Implementation of the procedure from Collett, with a comparison to predict.glm, is shown below.

I would like to know: how do I go from here to producing a prediction interval instead of a confidence interval?

#Derived from Collett 'Modelling Binary Data' 2nd Edition p.98-99
#Need reproducible "random" numbers.
seed <- 67

num.students <- 1000
which.student <- 1

#Generate data frame with made-up data from students:
set.seed(seed) #reset seed
v1 <- rbinom(num.students,1,0.7)
v2 <- rnorm(length(v1),0.7,0.3)
v3 <- rpois(length(v1),1)

#Create df representing students
students <- data.frame(
    intercept = rep(1,length(v1)),
    outcome = v1,
    score1 = v2,
    score2 = v3
)
print(head(students))

predict.and.append <- function(input){
    #Create a vanilla logistic model as a function of score1 and score2
    data.model <- glm(outcome ~ score1 + score2, data=input, family=binomial)

    #Calculate predictions and SE.fit with the R package's internal method
    # These are in logits.
    predictions <- as.data.frame(predict(data.model, se.fit=TRUE, type='link'))
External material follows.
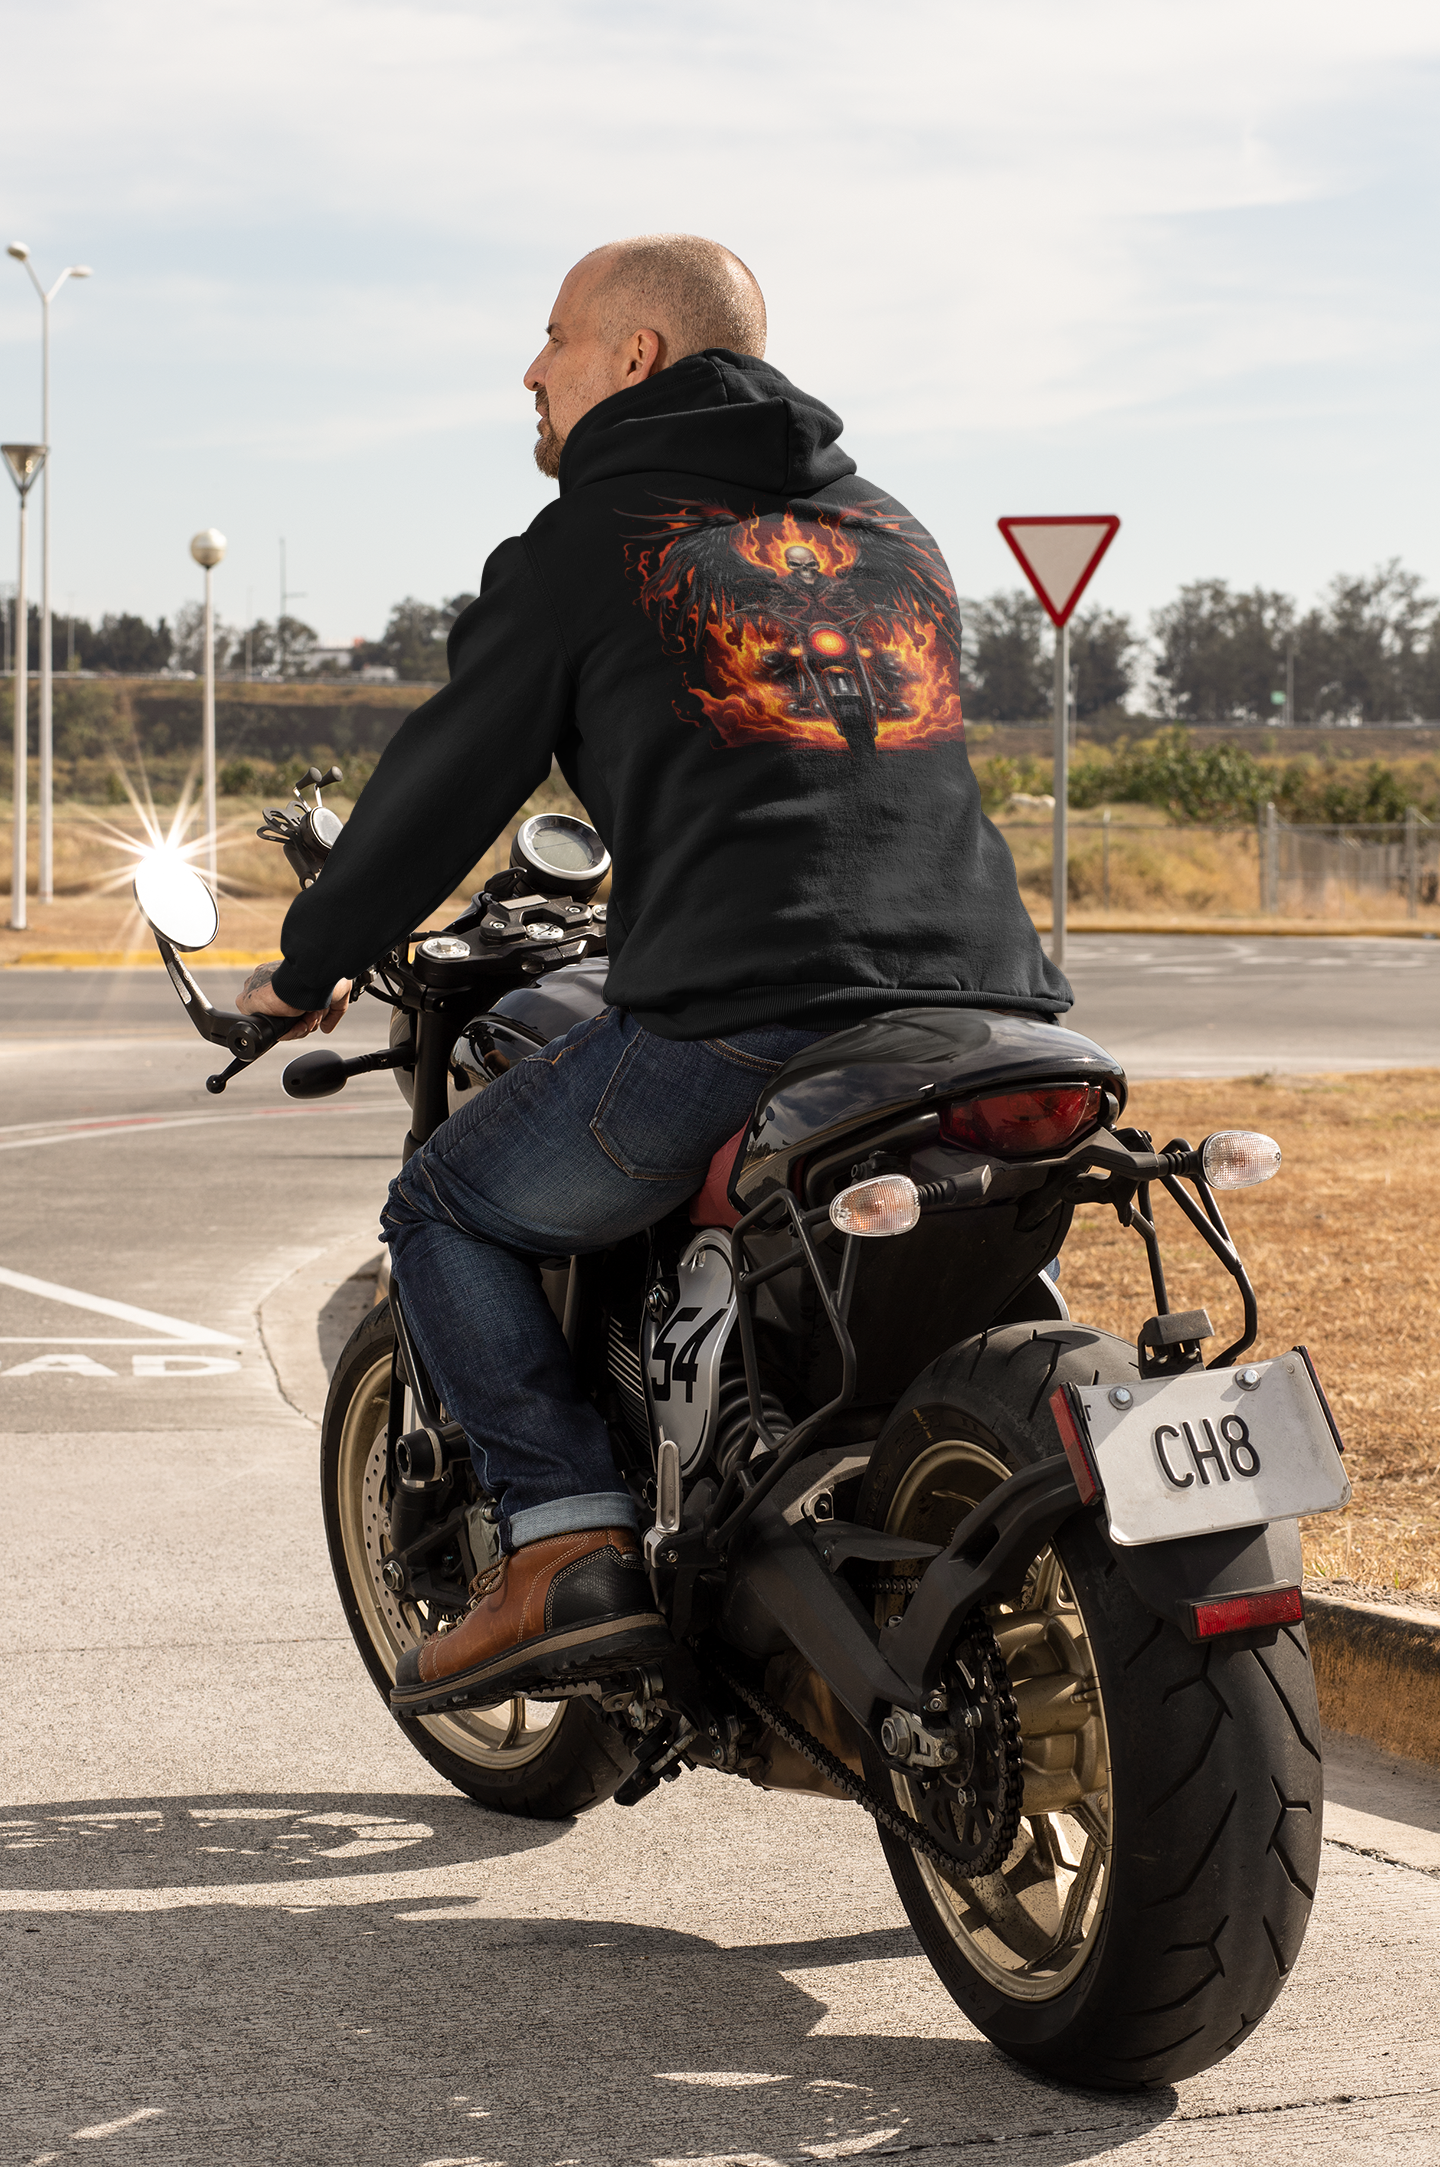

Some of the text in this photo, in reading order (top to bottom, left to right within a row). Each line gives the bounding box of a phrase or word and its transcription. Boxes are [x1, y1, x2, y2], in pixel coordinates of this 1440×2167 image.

[0, 1354, 242, 1377] AD
[651, 1307, 729, 1403] 54
[1154, 1414, 1261, 1488] CH8
    predictions$actual <- input$outcome
    predictions$lower <- plogis(predictions$fit - 1.96 * predictions$se.fit)
    predictions$prediction <- plogis(predictions$fit)
    predictions$upper <- plogis(predictions$fit + 1.96 * predictions$se.fit)


    return (list(data.model, predictions))
}

output <- predict.and.append(students)

data.model <- output[[1]]

#summary(data.model)

#Export vcov matrix 
model.vcov <- vcov(data.model)

# Now our goal is to reproduce 'predictions' and the se.fit manually using the vcov matrix
this.student.predictors <- as.matrix(students[which.student,c(1,3,4)])

#Prediction:
this.student.prediction <- sum(this.student.predictors * coef(data.model))
square.student <- t(this.student.predictors) %*% this.student.predictors
se.student <- sqrt(sum(model.vcov * square.student))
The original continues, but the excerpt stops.